Because Brown and Gruden were both in California when Brown recorded their conversation, the California wiretap statute would govern in Brown’s case. California employs an all-party consent wiretap statute, which means that Brown, Rosenhaus, and Gruden all must have consented to the recording before Brown could have legally posted it to his Instagram and YouTube accounts. Initially, this was where it appeared Brown could run into legal trouble because it seemed as though Gruden was unaware that Brown had recorded their conversation. Fortunately for Brown, several days after he made his posts, the producer of the video stated that Brown checked with Gruden to make sure that it was OK for Brown to post the conversation before he did so. Gruden has not confirmed this account, but he has also not denied it. Accordingly, it seems unlikely that Brown violated the California wiretap statute, but his actions did bring up a more general issue: with the introduction of various social media platforms in society, such as Instagram, YouTube, Twitter, and Facebook, many people could be unknowingly violating wiretap statutes.
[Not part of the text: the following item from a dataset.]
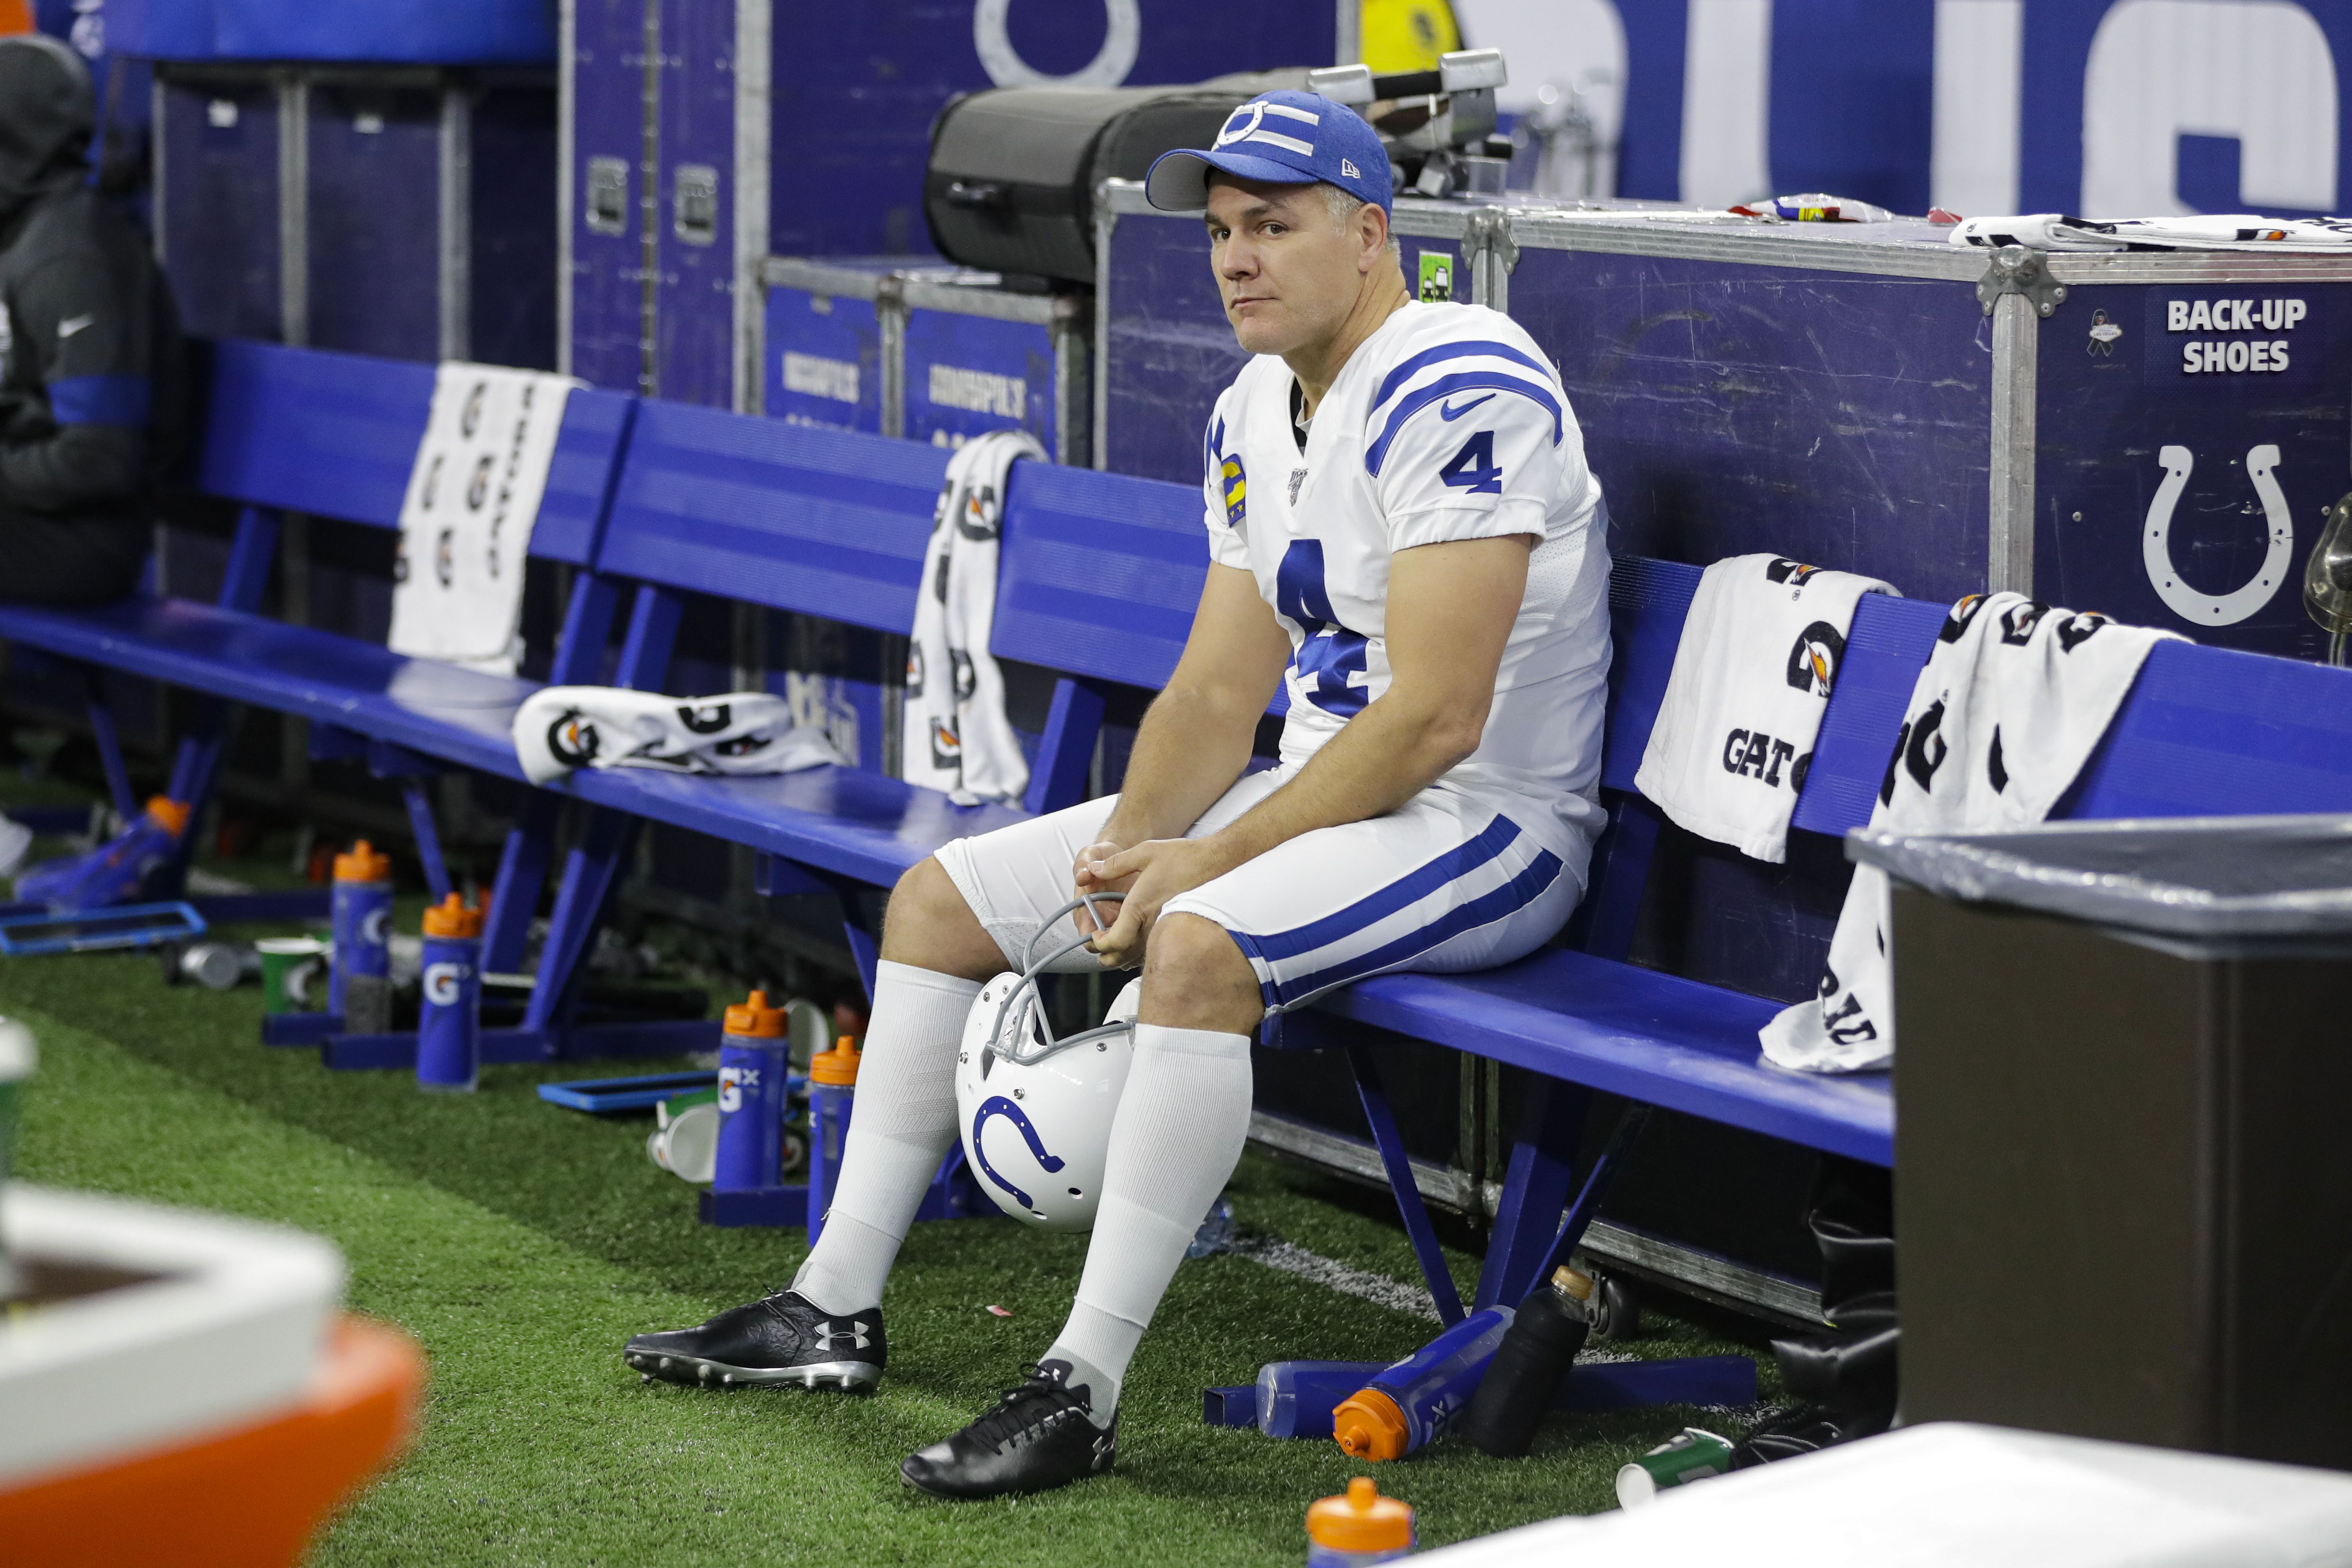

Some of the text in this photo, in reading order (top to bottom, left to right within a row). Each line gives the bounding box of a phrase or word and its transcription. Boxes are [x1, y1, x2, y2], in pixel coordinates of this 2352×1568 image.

[2168, 299, 2307, 331] BACK-UP
[2183, 341, 2290, 373] SHOES
[1439, 430, 1502, 495] 4
[1277, 539, 1370, 718] 4
When most people think of wiretapping, they probably think of FBI agents or police detectives secretly listening to phone conversations of someone they are investigating. Most people would not think that they could potentially violate a wiretap statute by simply recording and posting an interaction between two individuals on their Snapchat without the consent of either party. In a world where sharing videos containing audio via various social media platforms has become so prevalent, it is imperative that state statutes make clear what is and what is not a wiretap violation.

In most cases, state wiretap statutes were created well before the creation of social media, therefore do not contain any mention of whether or not a social media post may be punishable under the wiretap statute in question. This forces courts, attorneys, and citizens to venture into case law and make inferences to determine whether a certain post is punishable or not. Further, many state wiretap statutes are extremely long and complex so that even the most well-versed attorneys and judges have trouble understanding exactly what is legal and what is illegal. For instance, the Pennsylvania wiretap statute, which requires all parties to consent to a recording, is a whopping 70 pages long including annotations. Needless to say, it would be a lot to ask of an average citizen to go into the complexities of that statute and fully understand when they may legally post a video containing audio on their social media platforms and when they may not.

Given how easy it has become for anyone to post a video that contains audio on their social media platforms without the knowledge or consent of all of the parties involved in the recording, it is time for states to update their wiretap statutes to include a bright line rule for when such posts cross the line and become illegal. As Antonio Brown’s case exemplifies, all someone needs to do to unknowingly break the law is a cell phone, a social media platform, and a good internet connection. Although many of these cases are not prosecuted, the fact remains that the question of whether an individual will be charged for violating a wiretap statute is left entirely to the discretion of the prosecuting office. The general public should be free to use their social media accounts with the peace of mind of knowing whether or not the state could choose to prosecute them for their actions. Until then, the best practice for people posting videos containing audio to their social media accounts is to make sure that they have the permission of everyone depicted in the video before posting it.

 

Disclaimer: The views expressed in this blog are the views of the author alone and do not represent the views of JHTL or Suffolk University Law School.